Back in 2017, GM announced that it was cutting it's third shift at the Lordstown plant, which reduced the plant's staff by about 12-hundred employees. Back in April of this year, another 15-hundred employees were cut from the staff after they were told production would be cut down to one shift per day, leaving a little more than 14-hundred employees left on staff. In July, GM pointed to new tariffs on the auto industry as "detrimental" to their company.
Word from WFMJ is that the head of the UAW said that they will "keep fighting" to get keep that Lordstown plant up and running.
Meanwhile, there's been reaction from state, local, and federal leaders, including U.S. Senator Sherrod Brown from Ohio who released the following statement:
U.S. Senator Sherrod Brown today blasted General Motors’ decision to lay off its final shift of workers and close its Lordstown plant in March of 2019. Earlier this year, GM announced plans to build the new Chevy Blazer in Mexico on the same day the company ended the second shift at a plant. GM received record tax breaks as a result of the GOP’s tax bill last year, and has eliminated jobs instead of using that tax windfall to invest in American workers.

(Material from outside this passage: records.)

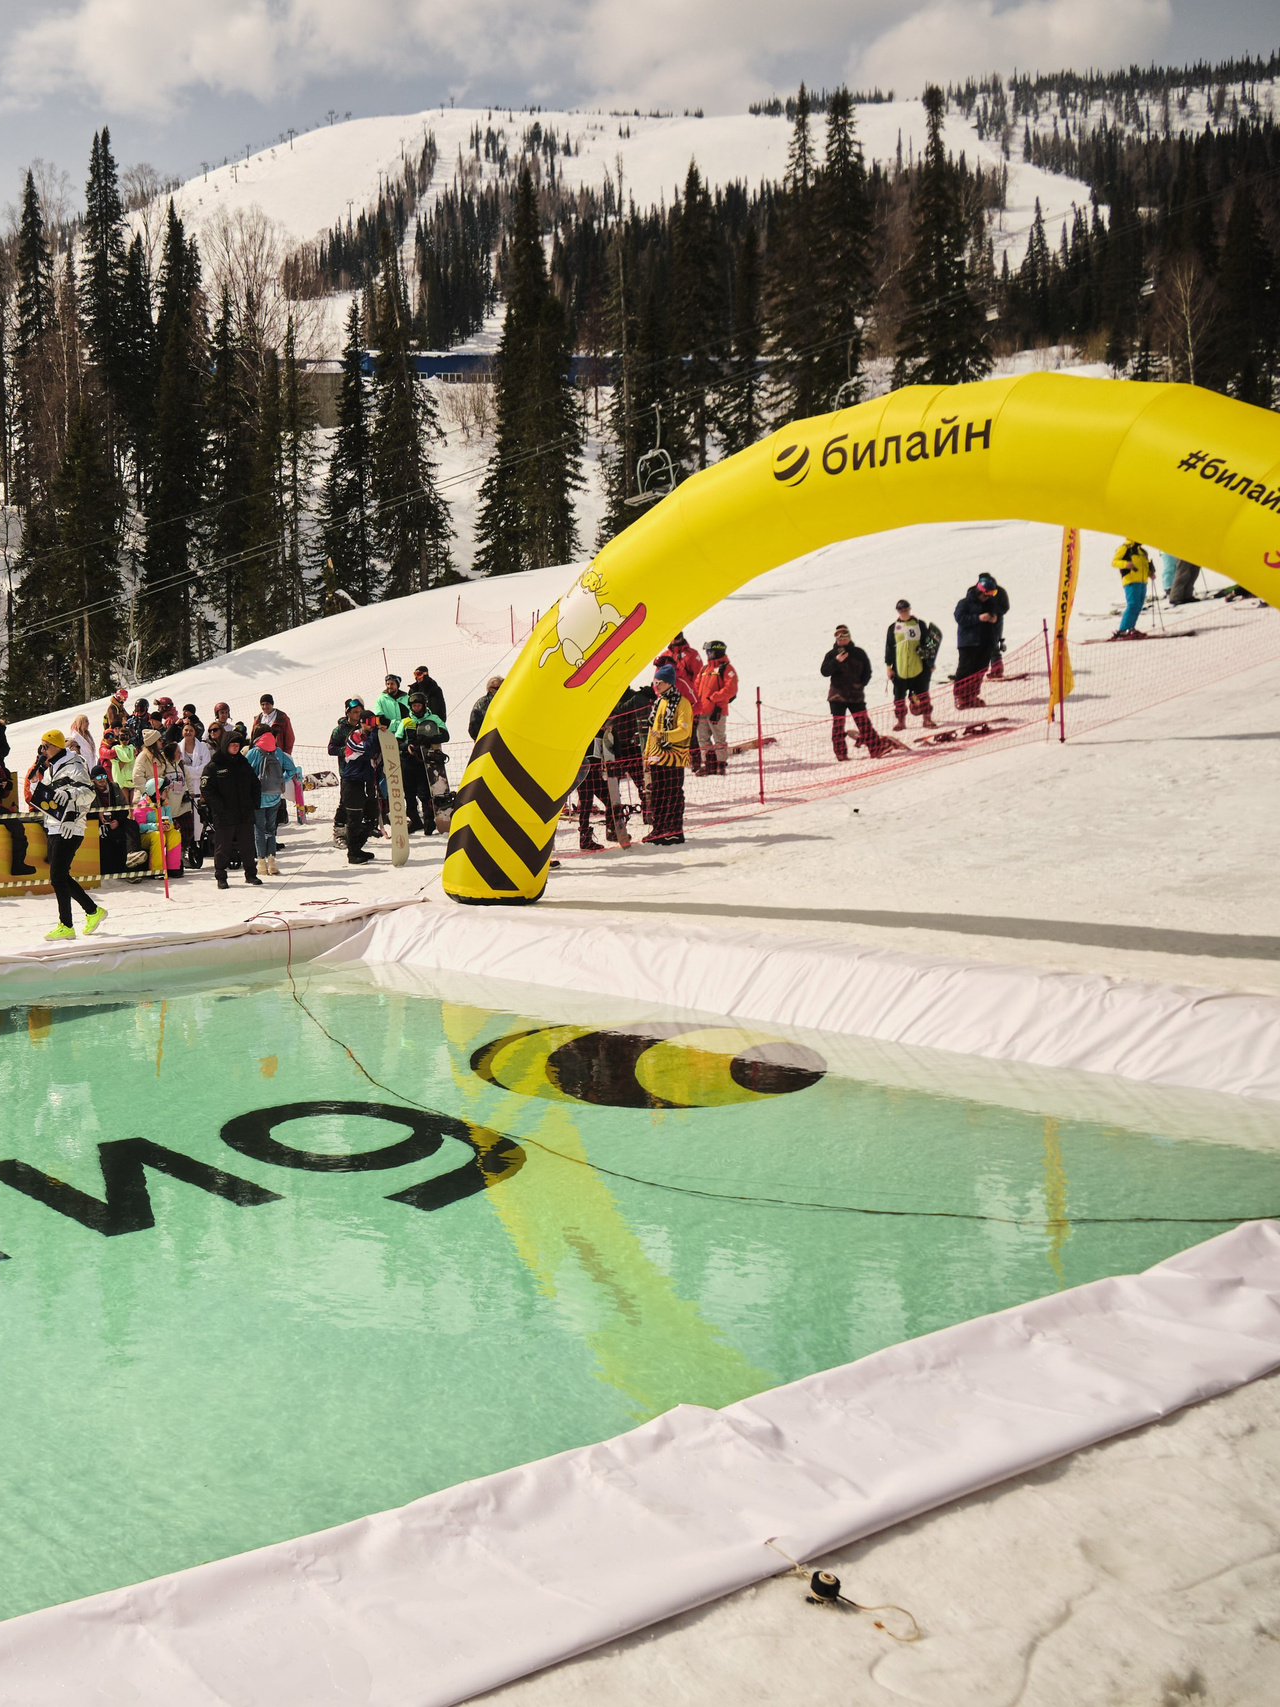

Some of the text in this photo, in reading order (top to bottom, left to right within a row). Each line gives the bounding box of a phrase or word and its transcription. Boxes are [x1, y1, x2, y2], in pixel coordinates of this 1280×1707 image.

[822, 415, 992, 475] билайн
[1177, 450, 1280, 514] #билай
[387, 759, 403, 826] ARBOR
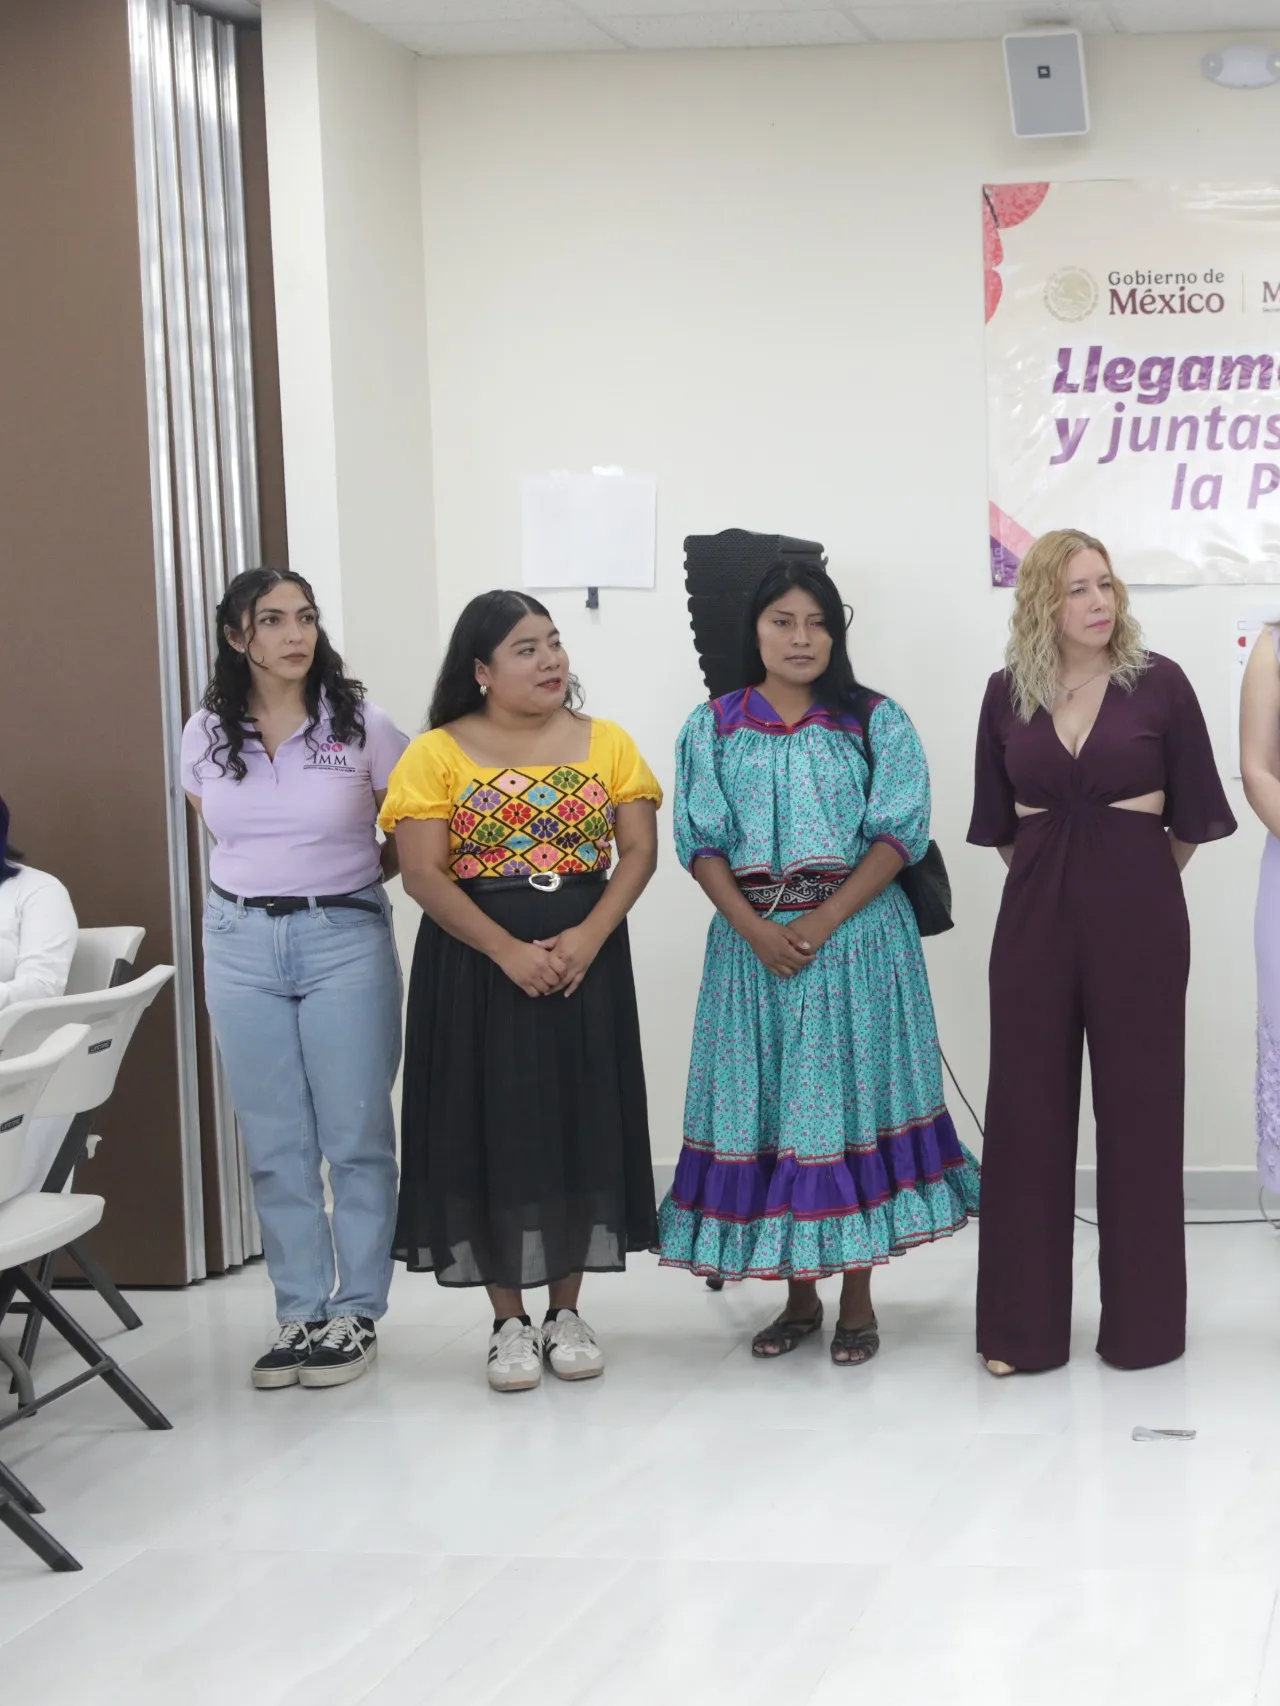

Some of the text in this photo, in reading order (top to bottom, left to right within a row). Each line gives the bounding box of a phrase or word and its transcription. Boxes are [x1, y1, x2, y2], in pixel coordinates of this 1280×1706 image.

[1108, 270, 1197, 286] Gobierno
[1203, 269, 1225, 284] de
[1108, 286, 1225, 316] México
[1049, 417, 1090, 465] y
[1171, 463, 1223, 511] la
[312, 754, 347, 765] IMM
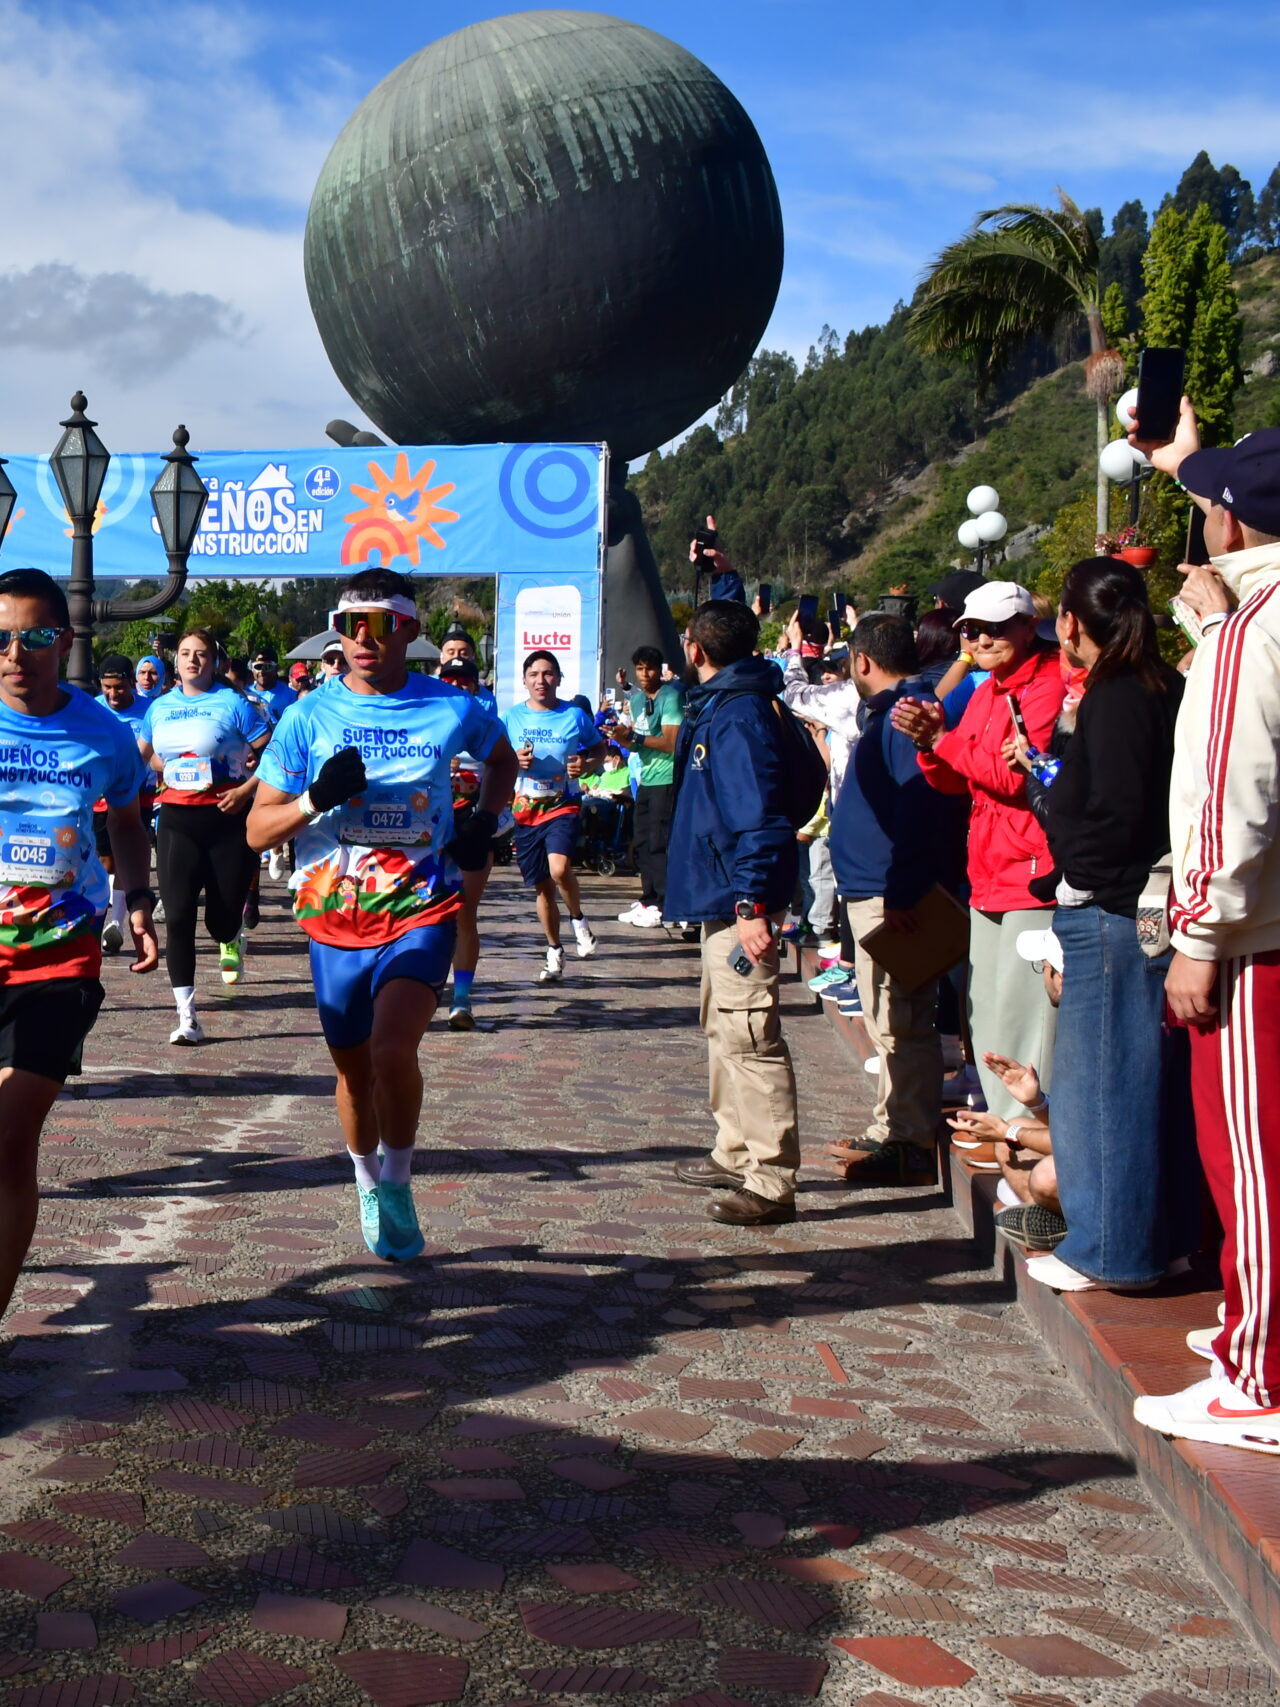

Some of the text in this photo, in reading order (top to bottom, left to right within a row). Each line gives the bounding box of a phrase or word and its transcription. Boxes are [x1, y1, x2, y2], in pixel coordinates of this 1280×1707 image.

“The workers at Lordstown are the best at what they do, and it’s clear once again that GM doesn’t respect them. Ohio taxpayers rescued GM, and it’s shameful that the company is now abandoning the Mahoning Valley and laying off workers right before the holidays. Even worse, the company reaped a massive tax break from last year’s GOP tax bill and failed to invest that money in American jobs, choosing to build its Blazer in Mexico,” said Brown. “GM owes the community answers on how the rest of the supply chain will be impacted and what consequences its disastrous decision will have on the Mahoning Valley and our state. My office stands ready to do everything we can to help these workers. This decision is corporate greed at its worst.”
GM has eliminated nearly 3,000 jobs at the plant over the last two years. After the GOP tax overhaul, GM is able to bring their $6.9 billion in overseas cash back to the U.S. at less than half of the tax rate the corporation would formerly have paid, and immediately deduct the cost of any new investments in plant and equipment. Despite these tax cuts and the company’s record revenues as reported in their 2016 SEC filing, GM is still moving forward with the Lordstown layoffs.
Brown has been a champion of workers at the GM plant. In April, when GM announced plans for layoffs in Lordstown, Brown wrote to GM CEO Mary Barra condemning the layoffs and urging GM to reverse its decision by using the tax windfall the company received from the recent tax cuts to invest in the Lordstown facility and its workers. Brown also took to the Senate floor to call on GM to invest in Ohio workers.
Brown has demanded answers from GM, arguing that Ohioans deserve answers as to why the Lordstown plant is cutting jobs despite having more cash on hand following the GOP tax cuts. Brown said GM cannot pocket billions of dollars in tax cuts and turn around and fire Ohio workers whose livelihoods depend on these jobs.
Brown has spoken with GM CEO Mary Barra and President Trump about the plant directly. Brown and Barra met in Brown’s office on June 5.
Earlier this year, Brown introduced his American Cars, American Jobs Act, as a way to support Ohio’s auto industry and keep auto jobs in America. Brown’s legislation would:
· Give customers a $3,500 discount when they buy cars made in America. This would cover all passenger vehicles made in Ohio and nearly 100 cars and trucks nationwide.
· Revoke a GOP tax cut on overseas profits from auto manufacturers that ship jobs overseas.